From the entries below, return every line that includes the word "coordinates".

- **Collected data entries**
###
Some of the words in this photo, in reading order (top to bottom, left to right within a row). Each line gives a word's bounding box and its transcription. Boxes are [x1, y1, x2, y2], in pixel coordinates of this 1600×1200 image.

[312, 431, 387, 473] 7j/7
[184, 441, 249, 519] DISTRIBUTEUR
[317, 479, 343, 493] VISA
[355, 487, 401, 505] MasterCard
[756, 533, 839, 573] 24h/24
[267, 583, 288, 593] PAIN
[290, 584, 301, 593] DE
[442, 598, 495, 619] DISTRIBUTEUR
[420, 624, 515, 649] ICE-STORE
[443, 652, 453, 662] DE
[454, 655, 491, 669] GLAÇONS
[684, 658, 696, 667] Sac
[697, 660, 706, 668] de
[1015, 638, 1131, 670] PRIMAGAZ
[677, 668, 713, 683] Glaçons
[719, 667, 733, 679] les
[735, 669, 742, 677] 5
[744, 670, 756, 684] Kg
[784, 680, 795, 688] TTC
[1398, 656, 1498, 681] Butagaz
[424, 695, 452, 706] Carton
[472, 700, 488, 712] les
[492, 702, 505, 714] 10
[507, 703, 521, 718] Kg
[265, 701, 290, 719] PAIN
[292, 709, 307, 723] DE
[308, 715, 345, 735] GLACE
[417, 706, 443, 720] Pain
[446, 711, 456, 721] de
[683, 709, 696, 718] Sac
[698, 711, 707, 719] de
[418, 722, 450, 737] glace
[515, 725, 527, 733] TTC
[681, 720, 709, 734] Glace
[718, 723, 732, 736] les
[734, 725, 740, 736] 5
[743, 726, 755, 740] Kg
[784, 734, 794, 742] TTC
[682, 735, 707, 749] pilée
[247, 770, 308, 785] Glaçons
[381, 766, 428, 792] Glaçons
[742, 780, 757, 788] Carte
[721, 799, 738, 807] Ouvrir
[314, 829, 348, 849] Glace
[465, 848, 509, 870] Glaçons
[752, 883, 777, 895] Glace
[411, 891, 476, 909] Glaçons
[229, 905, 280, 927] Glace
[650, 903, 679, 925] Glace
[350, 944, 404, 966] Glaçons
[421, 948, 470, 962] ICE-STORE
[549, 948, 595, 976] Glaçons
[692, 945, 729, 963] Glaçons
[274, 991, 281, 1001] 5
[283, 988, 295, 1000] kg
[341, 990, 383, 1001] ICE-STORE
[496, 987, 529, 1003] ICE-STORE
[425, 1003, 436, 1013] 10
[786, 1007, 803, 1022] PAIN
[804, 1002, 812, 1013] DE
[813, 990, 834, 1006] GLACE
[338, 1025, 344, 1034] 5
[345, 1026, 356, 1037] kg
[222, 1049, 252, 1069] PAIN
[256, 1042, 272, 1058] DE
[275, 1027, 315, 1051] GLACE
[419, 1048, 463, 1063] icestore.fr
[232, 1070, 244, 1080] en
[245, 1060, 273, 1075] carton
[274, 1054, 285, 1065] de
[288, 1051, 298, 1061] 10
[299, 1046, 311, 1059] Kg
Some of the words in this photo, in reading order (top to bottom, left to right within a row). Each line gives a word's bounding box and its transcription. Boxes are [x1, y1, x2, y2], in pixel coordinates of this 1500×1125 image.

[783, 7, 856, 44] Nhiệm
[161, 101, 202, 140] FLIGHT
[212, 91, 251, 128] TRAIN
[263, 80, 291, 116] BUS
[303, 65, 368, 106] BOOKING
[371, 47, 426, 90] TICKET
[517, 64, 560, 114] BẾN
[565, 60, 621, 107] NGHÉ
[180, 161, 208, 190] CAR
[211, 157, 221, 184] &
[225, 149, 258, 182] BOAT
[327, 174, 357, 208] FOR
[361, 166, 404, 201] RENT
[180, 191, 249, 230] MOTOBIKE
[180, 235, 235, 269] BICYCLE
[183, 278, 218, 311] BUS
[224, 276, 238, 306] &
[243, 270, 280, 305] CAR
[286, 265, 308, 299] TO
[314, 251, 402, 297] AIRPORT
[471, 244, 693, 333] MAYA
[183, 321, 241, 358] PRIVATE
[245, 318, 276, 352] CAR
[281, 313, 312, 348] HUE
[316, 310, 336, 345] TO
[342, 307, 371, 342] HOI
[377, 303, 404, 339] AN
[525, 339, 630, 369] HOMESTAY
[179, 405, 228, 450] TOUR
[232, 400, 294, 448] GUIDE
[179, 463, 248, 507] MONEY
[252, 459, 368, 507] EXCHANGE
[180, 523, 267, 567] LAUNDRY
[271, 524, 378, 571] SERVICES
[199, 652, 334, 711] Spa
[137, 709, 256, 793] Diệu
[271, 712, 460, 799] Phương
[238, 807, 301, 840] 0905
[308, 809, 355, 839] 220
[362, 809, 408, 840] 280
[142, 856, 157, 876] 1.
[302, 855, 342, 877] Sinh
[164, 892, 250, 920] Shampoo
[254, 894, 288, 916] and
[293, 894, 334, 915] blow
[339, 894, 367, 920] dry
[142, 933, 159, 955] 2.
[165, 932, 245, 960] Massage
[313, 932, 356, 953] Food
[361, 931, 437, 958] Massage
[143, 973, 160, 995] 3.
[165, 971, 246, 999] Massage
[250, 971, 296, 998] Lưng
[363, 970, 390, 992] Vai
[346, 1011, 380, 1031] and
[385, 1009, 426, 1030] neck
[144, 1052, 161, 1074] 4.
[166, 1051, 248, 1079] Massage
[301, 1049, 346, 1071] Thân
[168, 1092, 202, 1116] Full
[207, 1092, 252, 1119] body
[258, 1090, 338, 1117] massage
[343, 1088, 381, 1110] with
###
- **Completed exercise**
Some of the words in this photo, in reading order (top to bottom, left to right within a row). Each line gives a word's bounding box and its transcription. Boxes are [x1, y1, x2, y2], in pixel coordinates of this 1600×1200 image.
Some of the words in this photo, in reading order (top to bottom, left to right within a row). Each line gives a word's bounding box and its transcription. Boxes are [x1, y1, x2, y2], in pixel coordinates of this 1500×1125 image.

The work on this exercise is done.